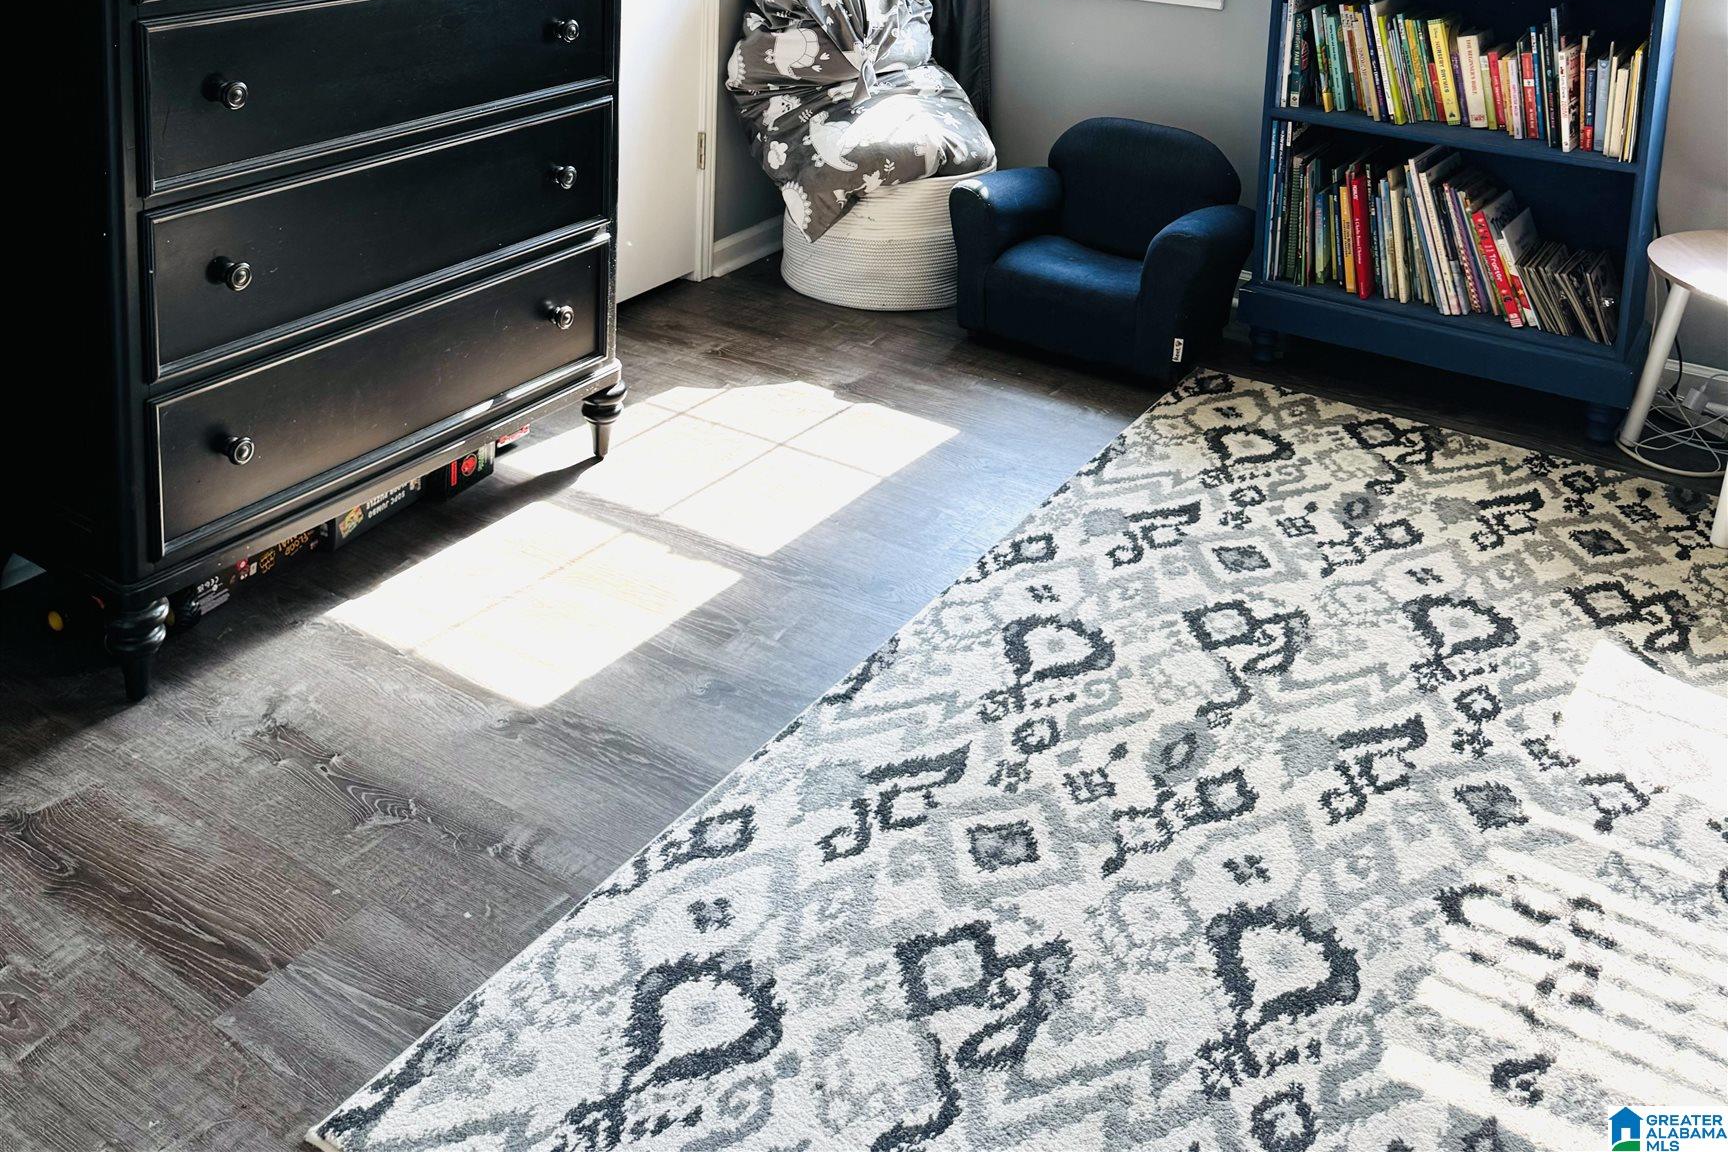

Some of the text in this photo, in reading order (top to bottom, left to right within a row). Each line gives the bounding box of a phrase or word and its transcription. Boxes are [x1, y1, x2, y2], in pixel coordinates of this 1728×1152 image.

[1436, 41, 1444, 68] NURSERY
[1441, 70, 1450, 93] RHYMES
[1488, 254, 1503, 282] Tractor
[366, 491, 388, 510] PUZZLE
[368, 500, 390, 518] JUMBO
[284, 532, 309, 556] FLOOR

• _What the task requires_:
Copy all of the data word for word, and keep the pictures out of it.

• _The completed task_:
Some of the text in this photo, in reading order (top to bottom, left to right within a row). Each line gives the bounding box of a phrase or word and its transcription. Boxes are [x1, y1, x2, y2], in pixel coordinates of this 1728×1152 image.

[1436, 41, 1444, 68] NURSERY
[1441, 70, 1450, 93] RHYMES
[1488, 254, 1503, 282] Tractor
[366, 491, 388, 510] PUZZLE
[368, 500, 390, 518] JUMBO
[284, 532, 309, 556] FLOOR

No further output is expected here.